# Htam::SURF

The Summer Undergraduate Research Fellowship (SURF) program allows students to research under the guidance of professors.

I worked with professor Richard M. Wilson the summer of 2006 and 2007.

## Summer 2007: On Coloring Claw-Free Graphs

### Abstract

A graph G is k-claw-free if no vertex has k pairwise nonadjacent neighbors. A proper k-coloring of G is a map from the vertex set to a set of k colors such that no two adjacent vertices map to the same color. The chromatic number χ(G) is the minimal k such that a proper k-coloring of G exists. The clique number ω(G) is the maximum size of a set of vertices in G that are all pairwise adjacent. The independence number α(G) is the maximum size of a set of vertices in G that are all pairwise non-adjacent.

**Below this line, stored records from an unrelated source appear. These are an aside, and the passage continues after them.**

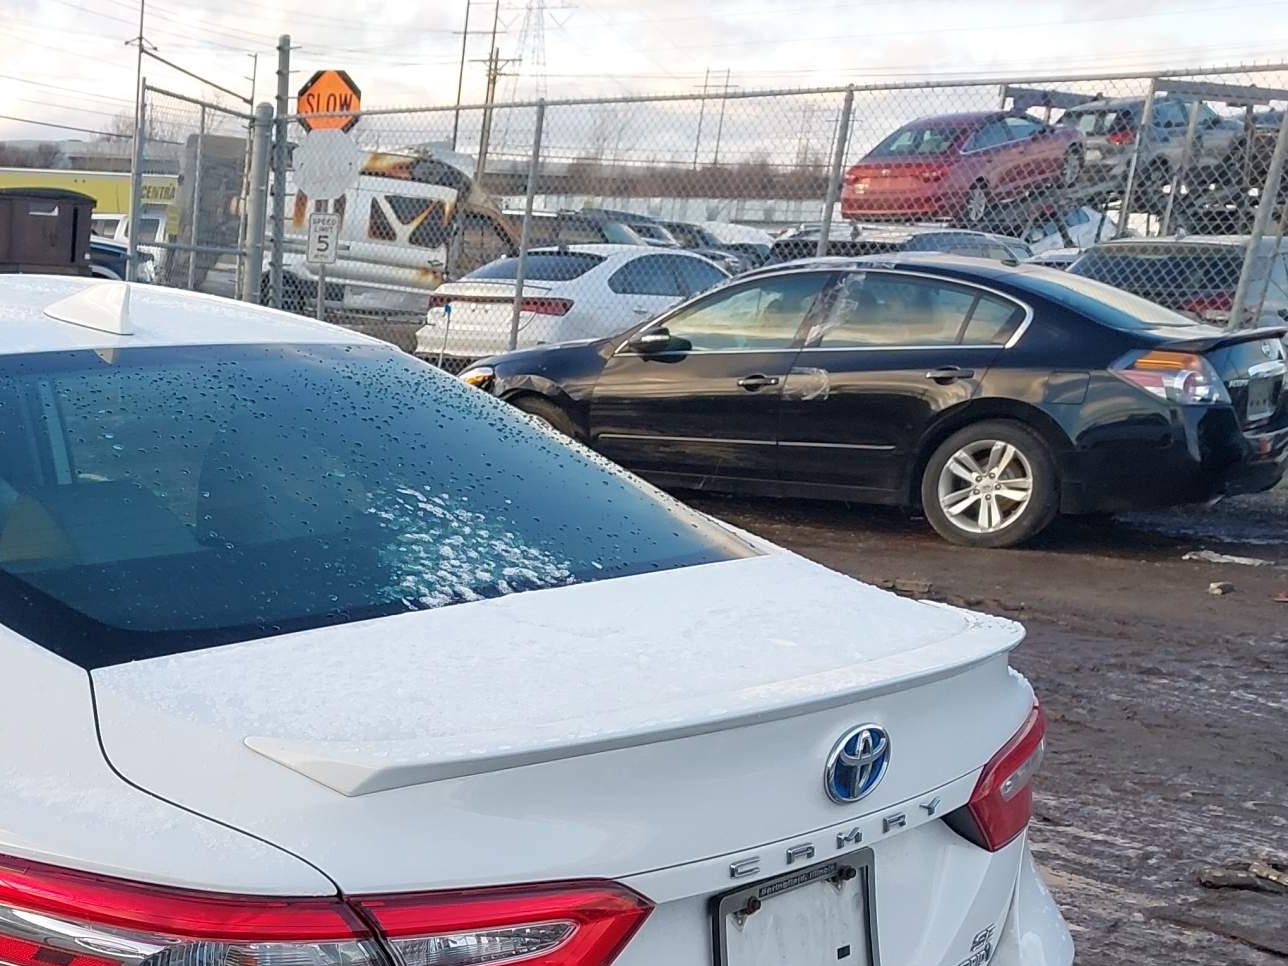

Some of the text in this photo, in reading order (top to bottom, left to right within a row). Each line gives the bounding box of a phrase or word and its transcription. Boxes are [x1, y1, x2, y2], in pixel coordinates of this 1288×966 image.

[305, 92, 353, 113] SLOW
[312, 218, 337, 226] SPEED
[314, 225, 334, 233] LIMIT
[316, 235, 330, 252] 5
[729, 796, 942, 880] CAMRY
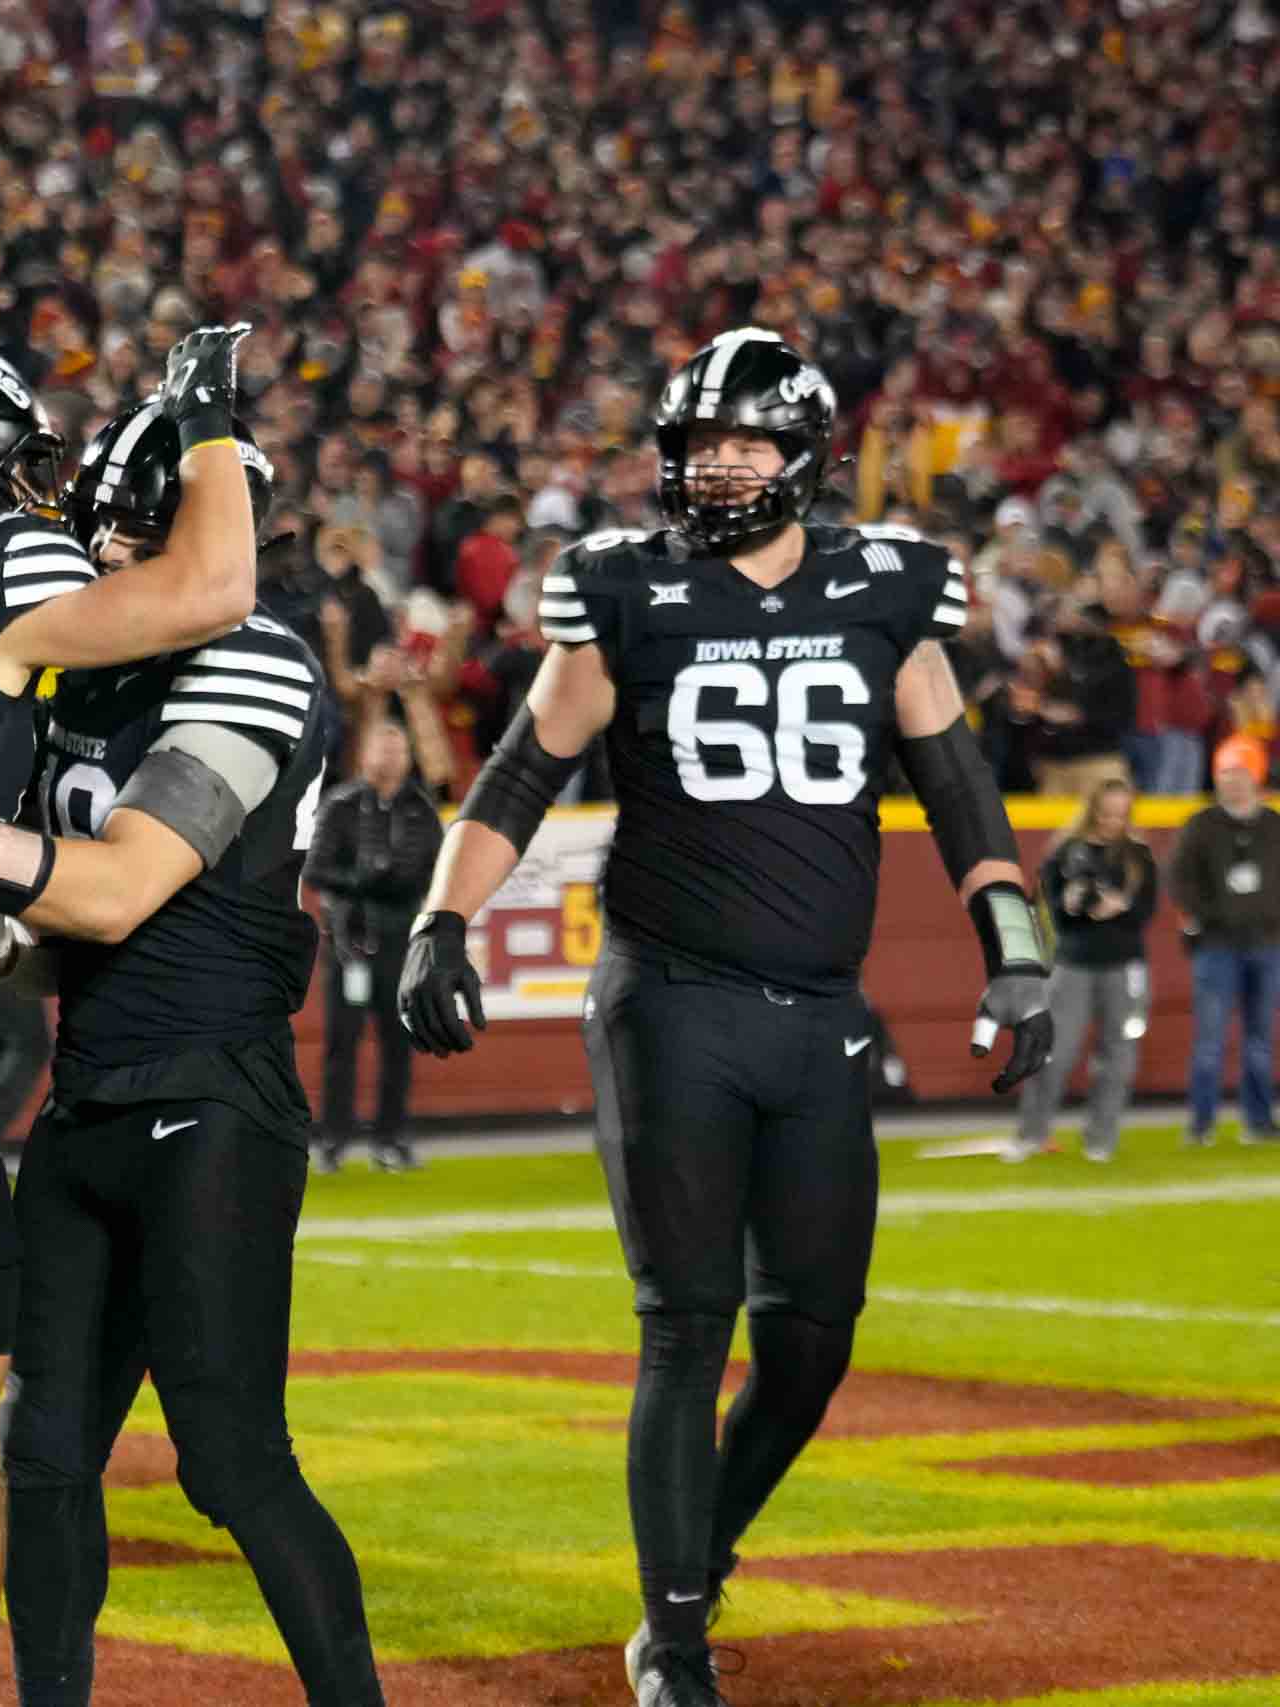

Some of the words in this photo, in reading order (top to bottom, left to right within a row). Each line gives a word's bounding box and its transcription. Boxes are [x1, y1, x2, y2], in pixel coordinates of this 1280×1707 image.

[695, 639, 761, 662] IOWA
[765, 637, 844, 660] STATE
[668, 661, 870, 804] 66

A theorem of Erdős implies that we can make χ(G) arbitrarily large while fixing ω(G) = 2. Therefore in general we cannot bound χ(G) above by a function of ω(G). In 2005, Chudnovsky and Seymour showed that if G is 3-claw-free with α(G) > 3, then χ(G) < 2ω(G). We attempt to improve upon this result for subclasses of 3-claw-free graphs and also generalize this result to k-claw-free graphs.

A 4-hole is four vertices joined together in a square, but neither of the diagonals is joined. We show that if G is k-claw-free, and 4-hole-free, with α(G) > k, then χ(G) < k (k – 1) ω(G) / 2 – 1.

### Paper

Jed Yang,
On coloring claw-free graphs, final report, 29 Oct 2007.

## Summer 2006: Vertex-Pancyclicity of Hypertournaments

### Abstract

A hypertournament, or a k-tournament, on n vertices, 2 < k < n, is a pair T = (V, E), where the vertex set V is a set of size n and the edge set E is the collection of all possible subsets of size k of V, called the edges, each taken in one of its k! possible permutations. A k-tournament is vertex-pancyclic if each vertex is contained in (directed) cycles of all possible lengths. A k-tournament is strong if there is a path from u to v for each pair of distinct vertices u and v. We examine the question posed by Gutin and Yeo about the characterization of vertex-pancyclic hypertournaments. We utilize the majority digraph to reduce a k-tournament to an ordinary tournament (2-tournament). We employ this method to extend Moon's theorem (a tournament is vertex-pancyclic if and only if it is strong) to hypertournaments. We prove that for a k-tournament on n vertices, if k > 8 and n > k + 3, then it is vertex-pancyclic if and only if it is strong. The same conclusion holds if k > 5 and n > k + 4, or if k = 4 and n > 11, or if k = 3 and n > 15. We also find bounds for the generalized problem when we extend vertex-pancyclicity to require d edge-disjoint cycles of each possible length and extend strong connectivity to require d edge-disjoint paths between each pair of vertices. Our results include and extend that of Petrovic and Thomassen.

### Paper

Jed Yang, Vertex-pancyclicity of hypertournaments, manuscript, 27 June 2007.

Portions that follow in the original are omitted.